Hot dogs may be all-American, but Chile has its own versions. We tried the tasty Italiano ($5.99), an all-beef dog topped with tomato, avocado spread and a thick smear of mayonnaise. But it's the chacarero ($7.99) - marinated beef sirloin tips, tomato, jalapeno, avocado, mayo and green beans on a toasted bun - that has us itching to go back. It comes with a side of chips and pebre; ask for extra jalapeno if you crave more heat.

While Bopp admits that fish tacos ($6.50 for two, $9.50 for three) aren't Chilean, they have a following among regulars. The corn tortillas brim with flaked tilapia, shredded cabbage and an avocado spread but could use more seasoning.

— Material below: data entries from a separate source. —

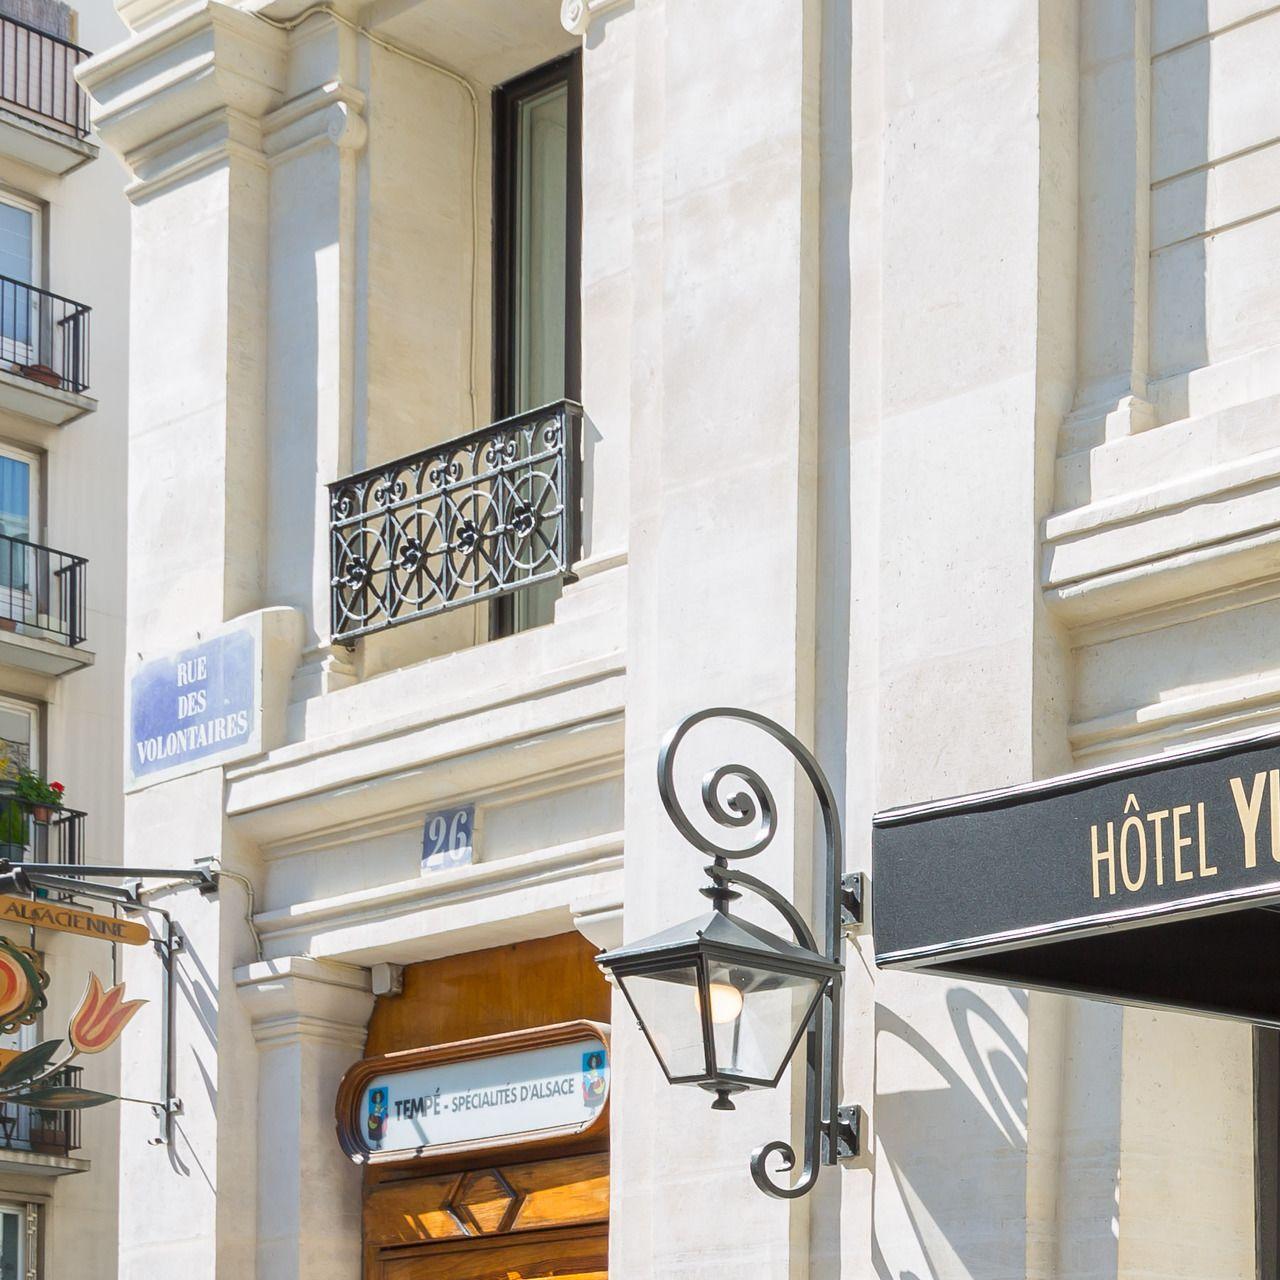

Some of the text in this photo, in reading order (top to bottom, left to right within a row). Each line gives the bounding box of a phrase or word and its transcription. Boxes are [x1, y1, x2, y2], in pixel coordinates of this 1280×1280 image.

[177, 656, 208, 687] RUE
[178, 690, 207, 720] DES
[136, 709, 248, 764] VOLONTAIRES
[424, 810, 468, 866] 26
[1090, 793, 1218, 899] HÔTEL
[4, 901, 128, 939] ALSACIENNE
[394, 1087, 441, 1121] TEMPÉ
[452, 1082, 517, 1113] SPÉCIALITÉS
[520, 1078, 575, 1102] D'ALSACE

Similarly, the porotos Don Raul ($5.99), a vegetarian stew of navy beans, squash and linguine that Bopp named for his late father, was much improved with a few shakes of salt.

The tiny red-and-blue-walled restaurant will soon have a juice and coffee bar and an expanded menu, particularly for breakfast offerings. (The restaurant's name refers to the pan in which eggs are often served in Chile.)

And although it's not the life he envisioned, Bopp says he finds plenty of satisfaction in his new career.

"When people come, they are very happy to eat my food," he says. "I believe when you do things right, it will work out in the end."